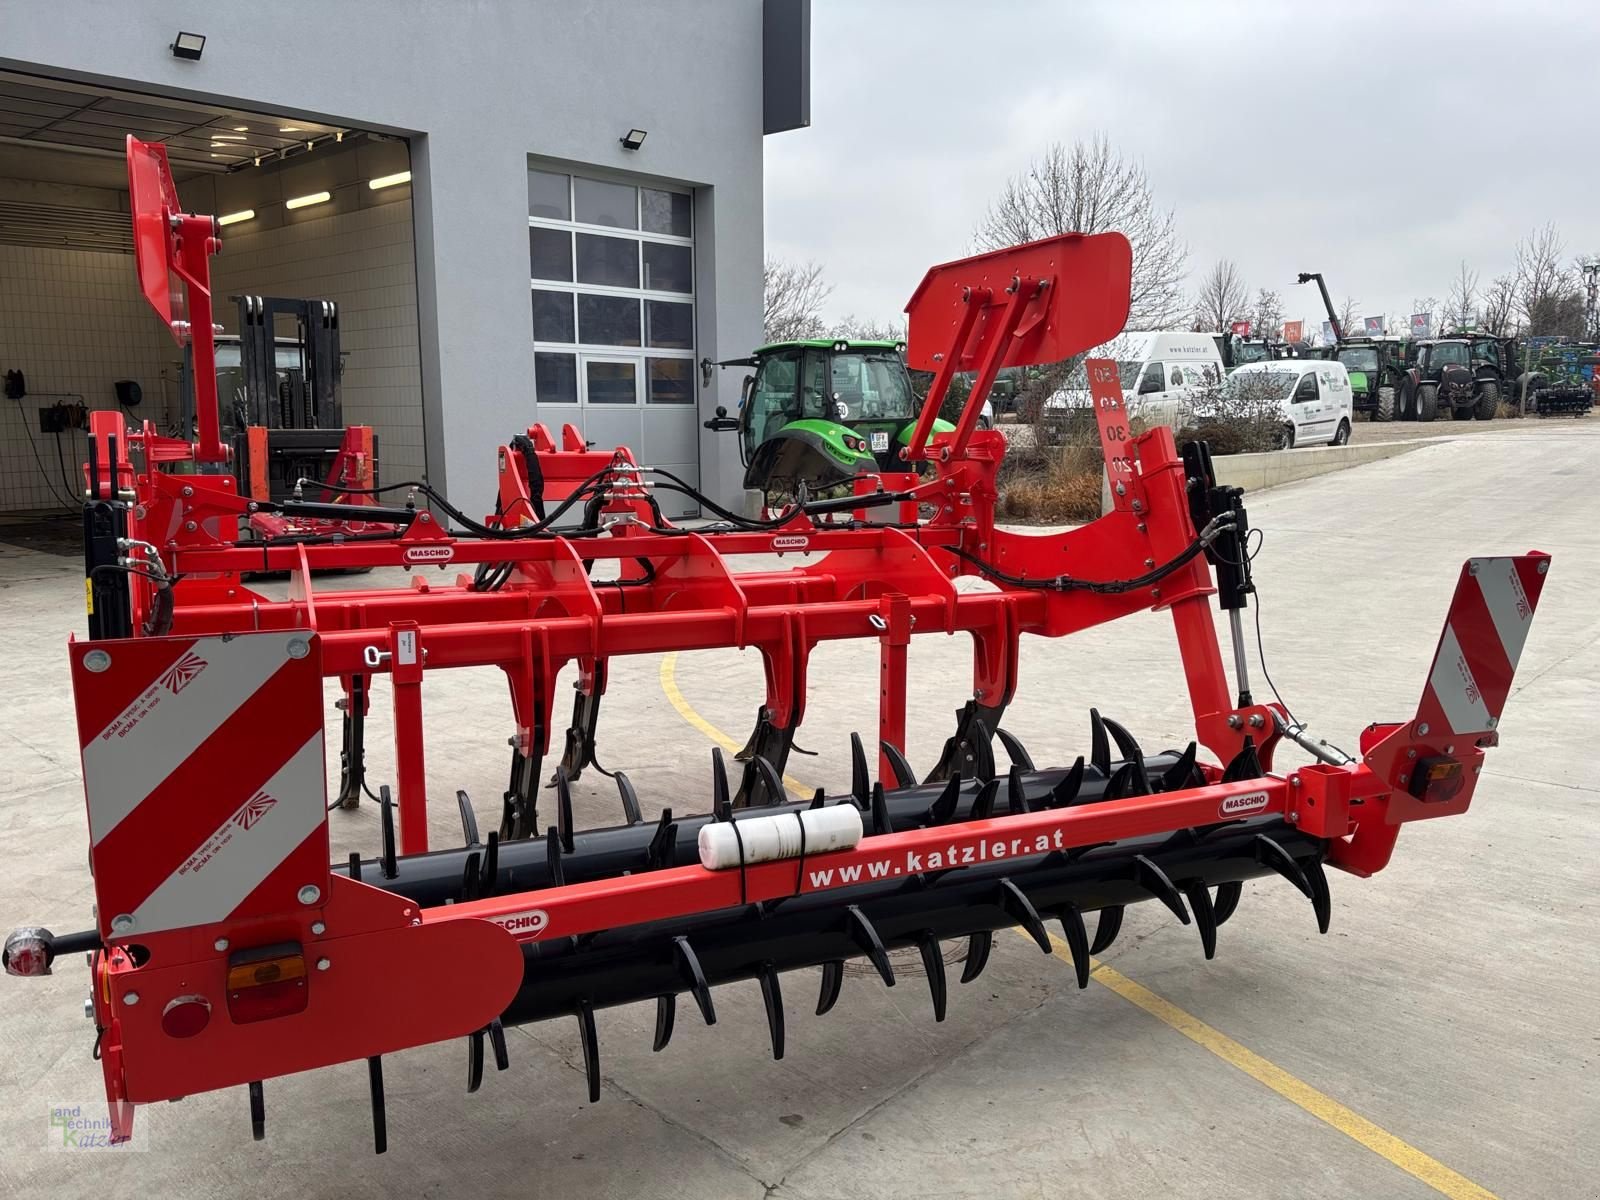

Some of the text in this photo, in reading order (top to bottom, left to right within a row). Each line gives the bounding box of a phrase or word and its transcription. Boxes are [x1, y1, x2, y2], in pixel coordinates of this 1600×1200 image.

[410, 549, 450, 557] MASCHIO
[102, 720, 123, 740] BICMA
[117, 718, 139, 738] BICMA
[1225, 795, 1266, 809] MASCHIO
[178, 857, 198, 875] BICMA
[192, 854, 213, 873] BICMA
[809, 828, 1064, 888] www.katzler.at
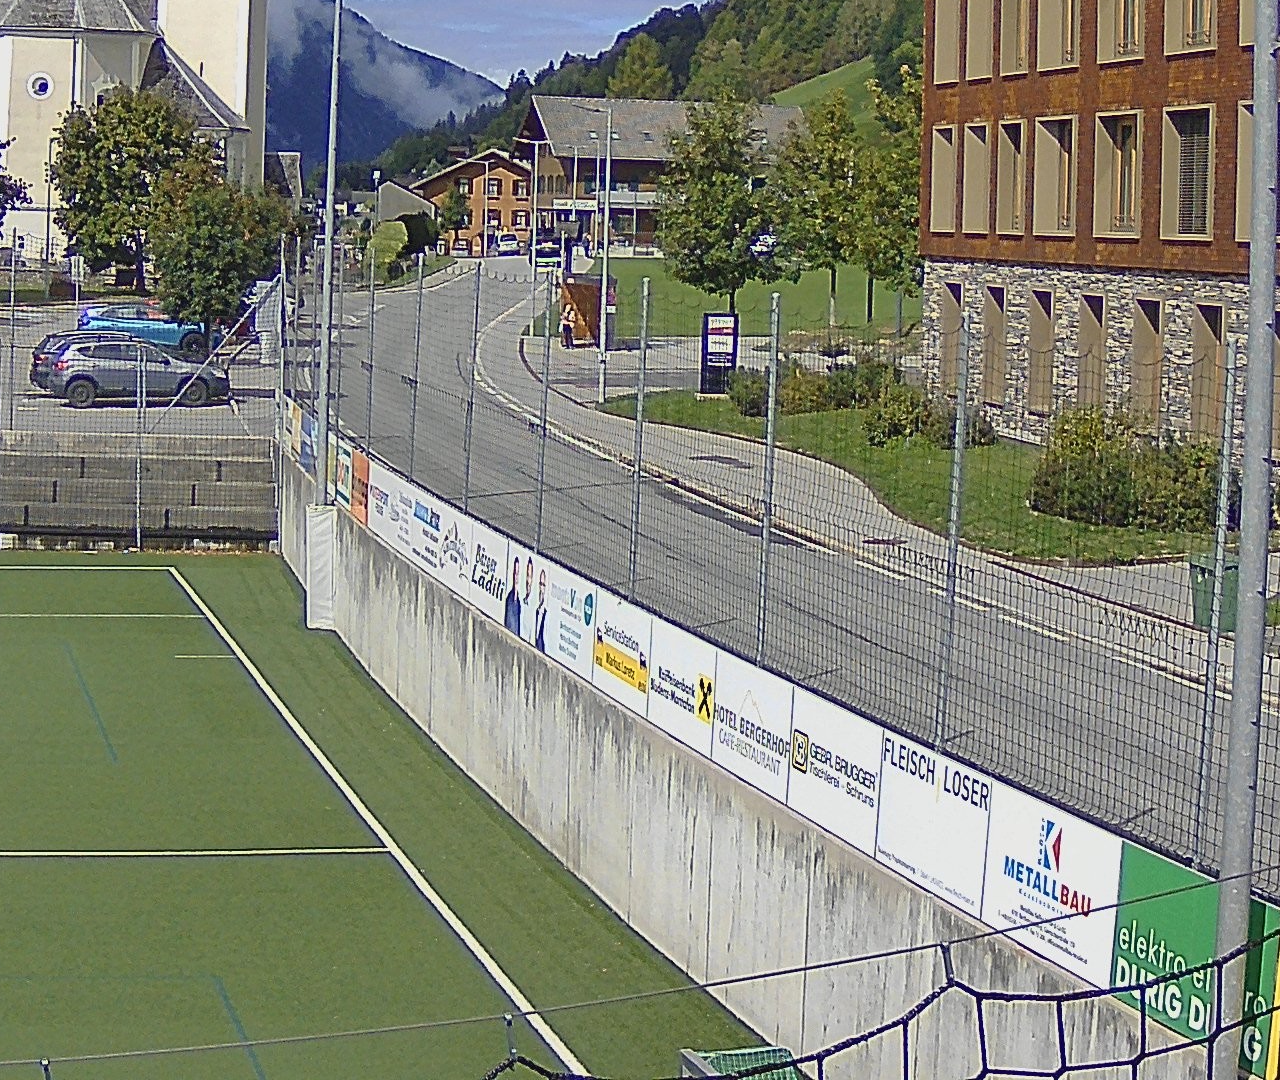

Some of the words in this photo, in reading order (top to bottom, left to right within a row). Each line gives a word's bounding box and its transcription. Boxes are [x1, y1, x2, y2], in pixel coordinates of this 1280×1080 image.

•••••

Please copy the data above exactly; the pictures do not belong in the copy.

Some of the text in this photo, in reading order (top to bottom, left to right within a row). Each line gives the bounding box of a phrase or word and its transcription. Boxes are [x1, y1, x2, y2], in pixel coordinates of this 1600×1200 image.

[410, 549, 450, 557] MASCHIO
[102, 720, 123, 740] BICMA
[117, 718, 139, 738] BICMA
[1225, 795, 1266, 809] MASCHIO
[178, 857, 198, 875] BICMA
[192, 854, 213, 873] BICMA
[809, 828, 1064, 888] www.katzler.at

Some of the words in this photo, in reading order (top to bottom, left to right within a row). Each line gives a word's bounding box and its transcription. Boxes are [x1, y1, x2, y2], in pixel coordinates of this 1280×1080 image.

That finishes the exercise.